Of the regional cultures that emerged after Wari's collapse, Chimú was the most important. Its capital, Chan-Chan, was located where the modern city of Trujillo now exists on the north coast of Peru.




The Chimú capital, Chan Chan, was one of the largest cities of Pre- Columbian times with 50,000 to 250,000 people. Sophisticated urban planning resulted in grid-patterned sites, in which large pyramids, temples, and blocks of buildings called ciudadelas were located in the center, and smaller structures and dwellings of the common man were spaced more closely together on the peripheries.

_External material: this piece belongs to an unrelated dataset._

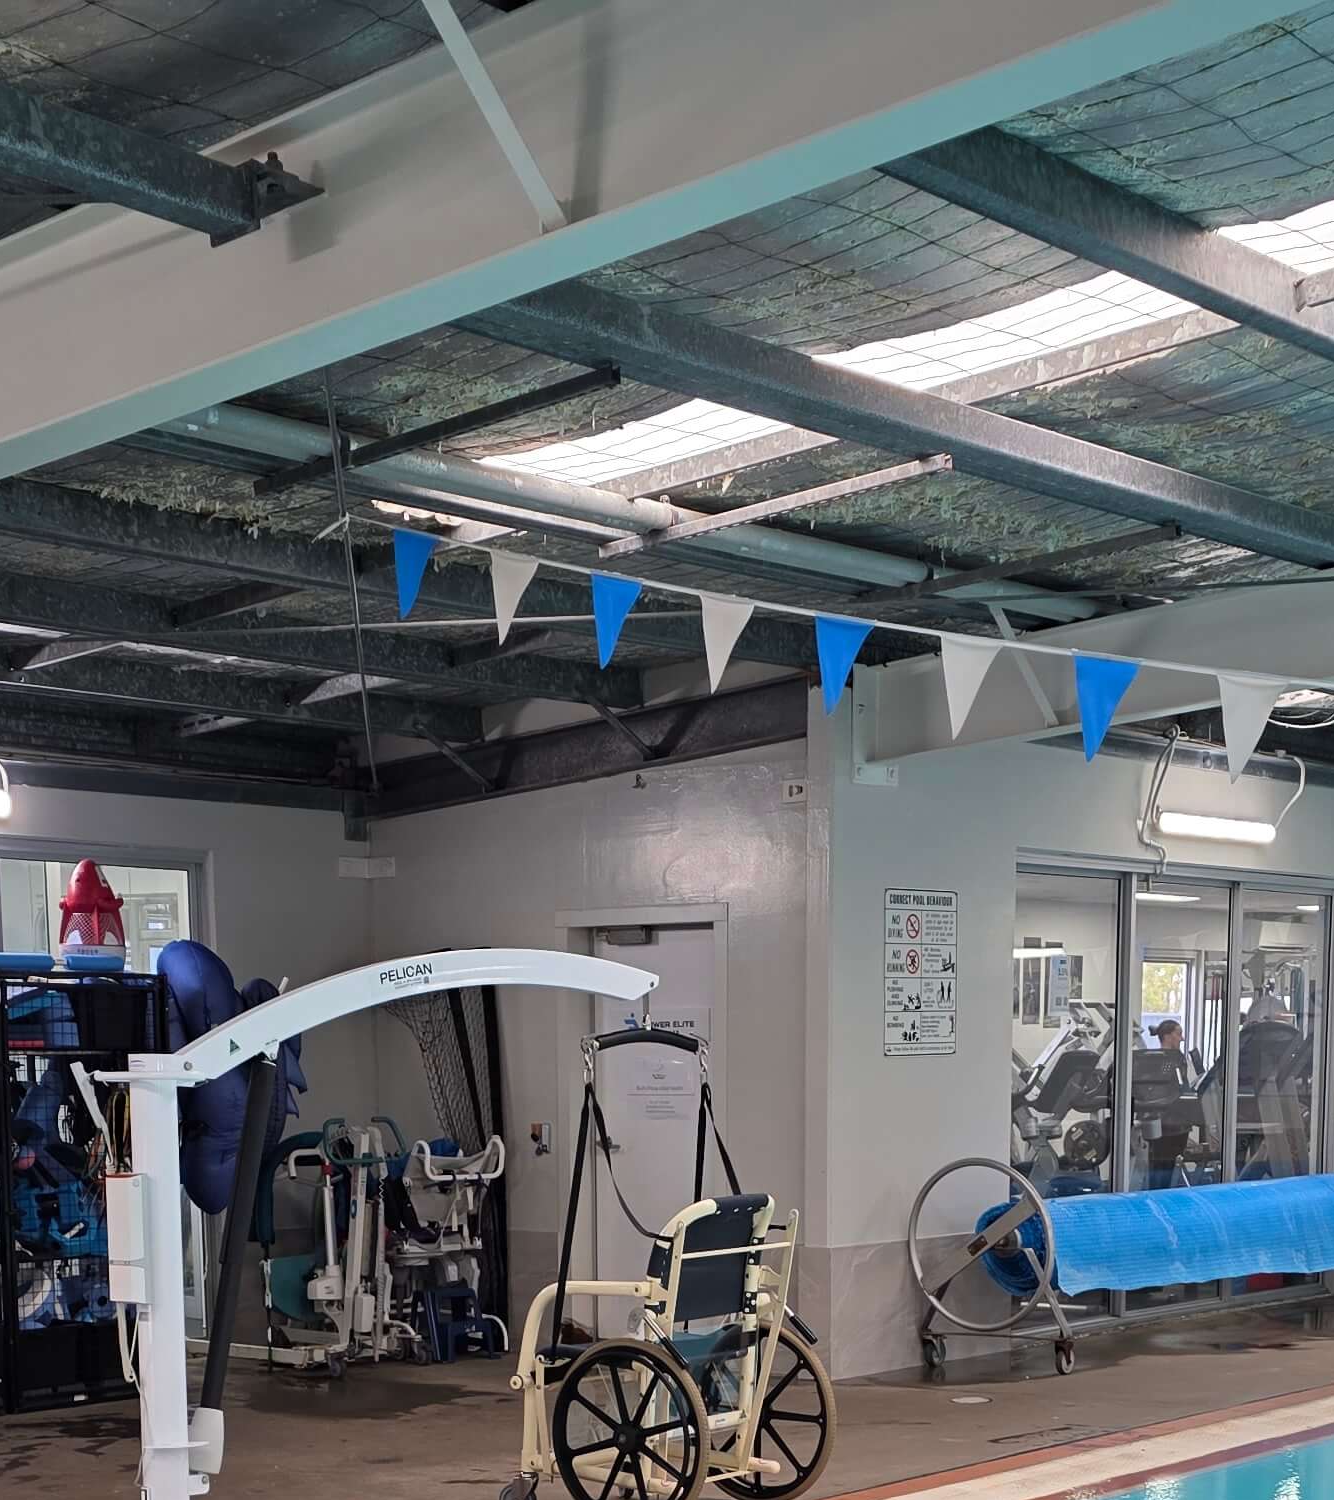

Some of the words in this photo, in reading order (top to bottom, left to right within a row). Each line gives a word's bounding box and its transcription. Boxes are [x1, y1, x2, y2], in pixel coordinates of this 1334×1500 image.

The city planning of Chan-Chan is indicative of the powerful, well organized and stratified society. At their height, the Chimú had a despotic state which influenced 600 miles of Peruvian coastline. They held the reins of a large trade network, built extensive road systems punctuated by cities and fortresses, and engineered great irrigation works. Chimú society was subdivided into distinct levels with specialists emerging in the crafts and in religion. This plan is an aerial view of Chan Chan showing several heavily walled-in ciudadelas. The ciudadelas were carefully divided into sectors; they probably served as palaces for the Chimú kings, treasuries for valuable goods and food products, and as tombs of their royal residents at death. Inside the ciudadelas were courtyards, kitchens, burial platforms (with accompanying human sacrifices), storerooms, and small U-shaped rooms called audiencias, which may have been used to control access to the storerooms.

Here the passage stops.